- Problem description:
Because the pictures are not wanted, give back only the exact text of every entry below.

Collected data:
■ ■ ■ ■

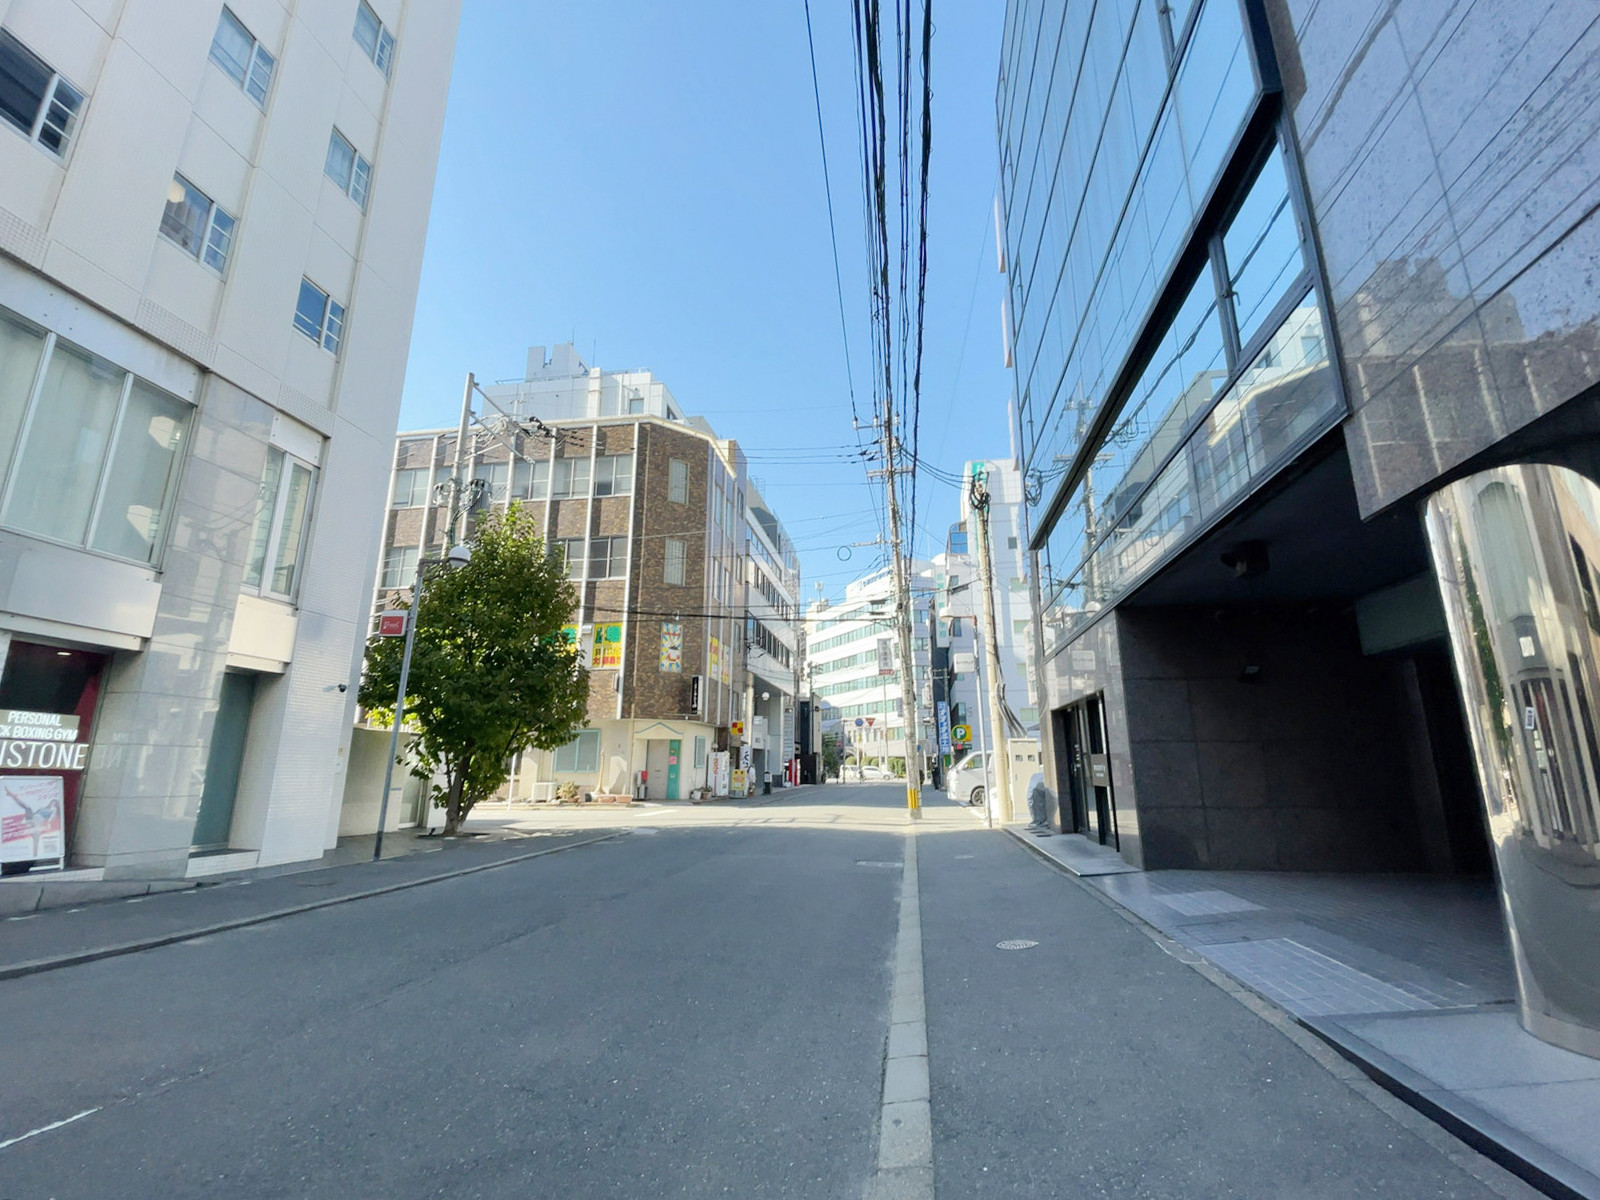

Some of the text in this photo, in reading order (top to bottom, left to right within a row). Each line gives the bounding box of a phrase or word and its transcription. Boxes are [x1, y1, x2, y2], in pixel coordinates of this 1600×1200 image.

[8, 711, 62, 726] PERSONAL
[12, 727, 53, 740] BOXING
[54, 729, 78, 742] GYM
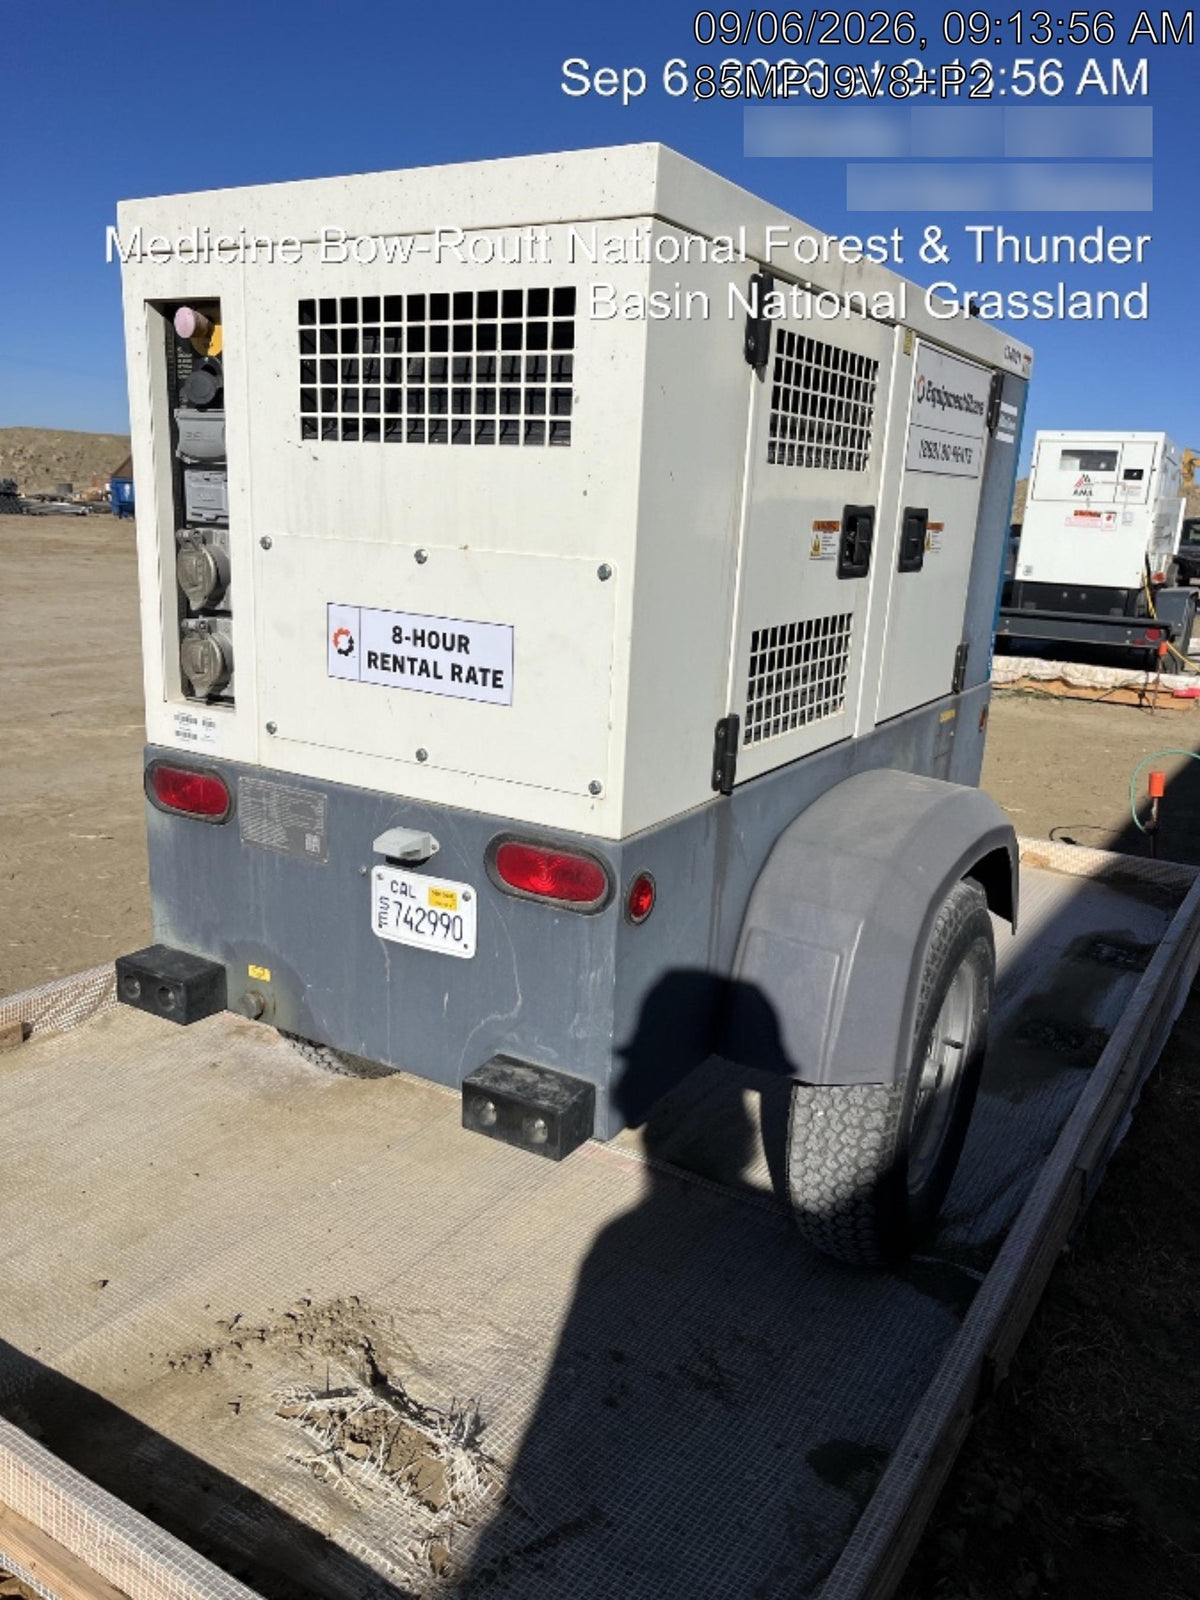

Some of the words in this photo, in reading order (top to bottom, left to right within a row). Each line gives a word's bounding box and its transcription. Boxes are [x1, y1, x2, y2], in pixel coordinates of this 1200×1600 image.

[392, 625, 471, 655] 8-HOUR
[367, 650, 443, 680] RENTAL
[451, 662, 505, 690] RATE
[390, 880, 417, 899] CAL
[393, 900, 464, 942] 742990
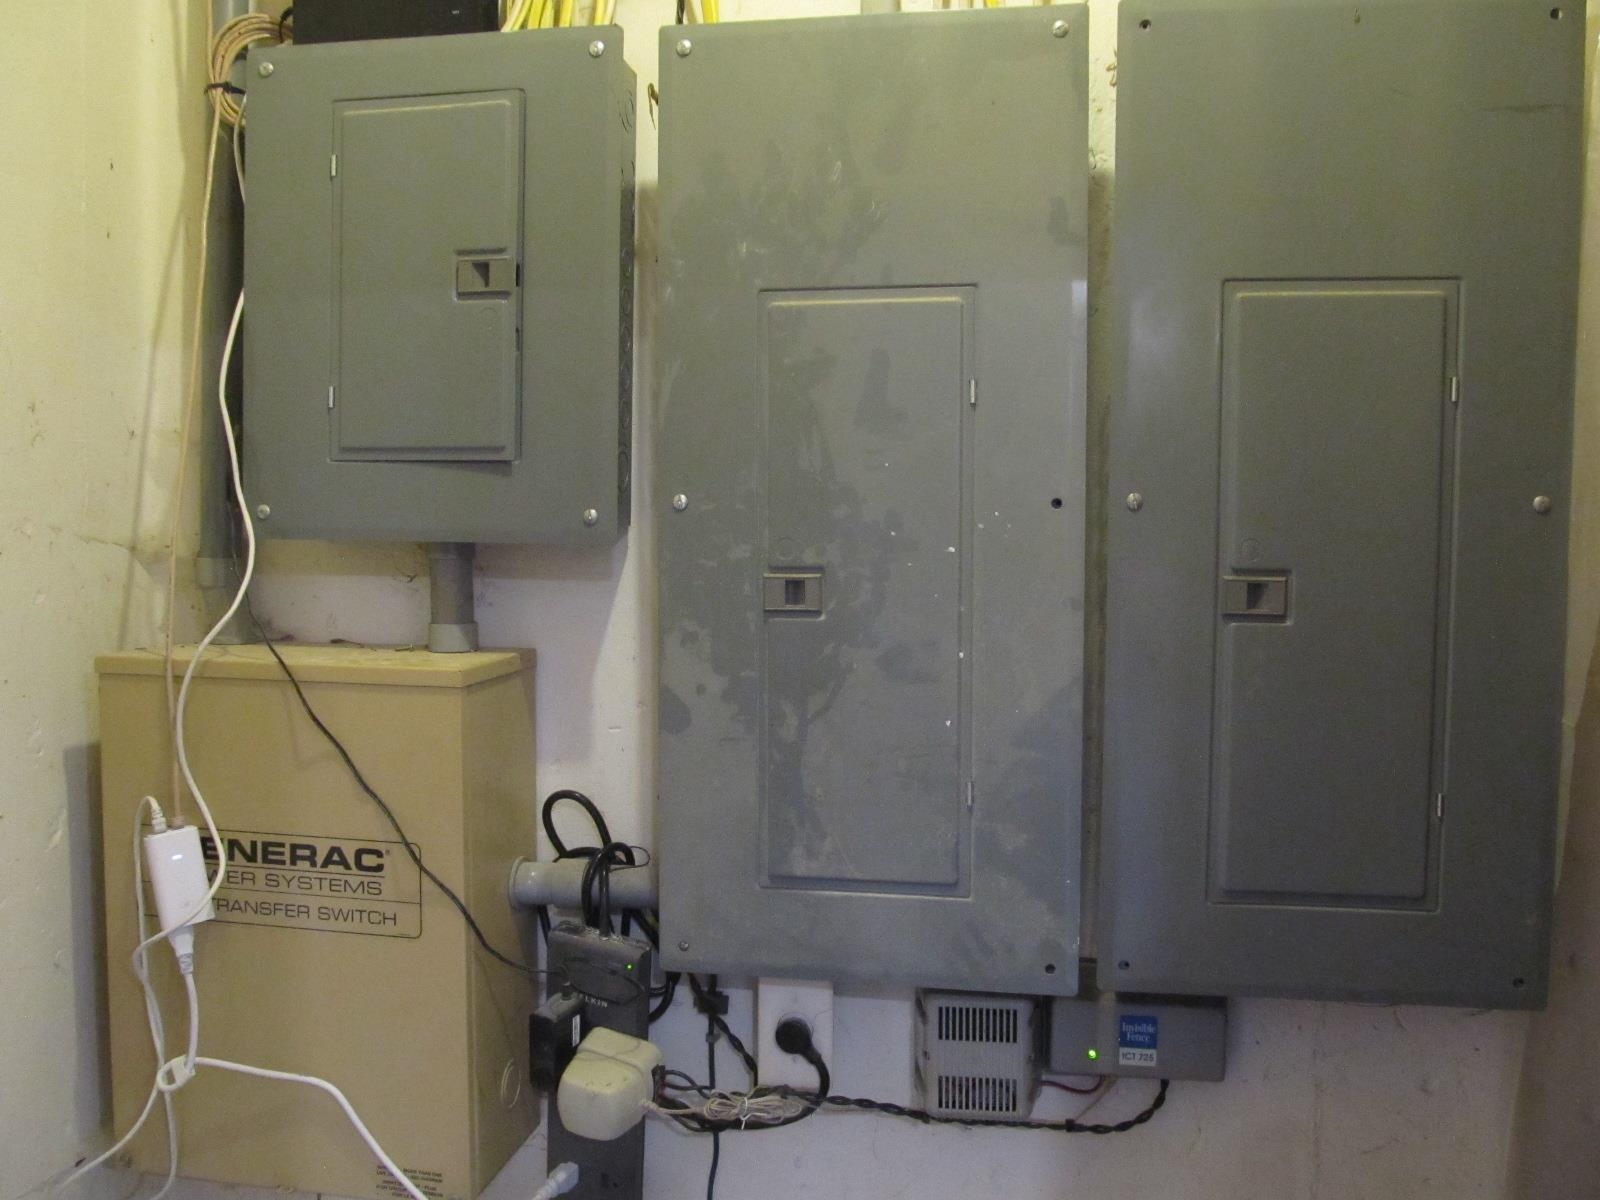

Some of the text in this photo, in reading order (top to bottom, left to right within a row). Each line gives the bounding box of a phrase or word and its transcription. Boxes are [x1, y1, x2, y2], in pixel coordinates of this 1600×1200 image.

■ ■ ■ ■

- Response for this exercise:
Some of the text in this photo, in reading order (top to bottom, left to right within a row). Each line gives the bounding box of a phrase or word and its transcription. Boxes are [x1, y1, x2, y2], in pixel coordinates of this 1600×1200 image.

[8, 711, 62, 726] PERSONAL
[12, 727, 53, 740] BOXING
[54, 729, 78, 742] GYM

Some of the words in this photo, in reading order (top to bottom, left to right within a row). Each line gives a word's bounding box and its transcription. Boxes are [x1, y1, x2, y2], in pixel coordinates of this 1200×1600 image.

[392, 625, 471, 655] 8-HOUR
[367, 650, 443, 680] RENTAL
[451, 662, 505, 690] RATE
[390, 880, 417, 899] CAL
[393, 900, 464, 942] 742990

Some of the text in this photo, in reading order (top to bottom, left to right within a row). Each line gives the bounding box of a phrase or word and its transcription. Boxes are [x1, y1, x2, y2], in pixel coordinates of this 1600×1200 image.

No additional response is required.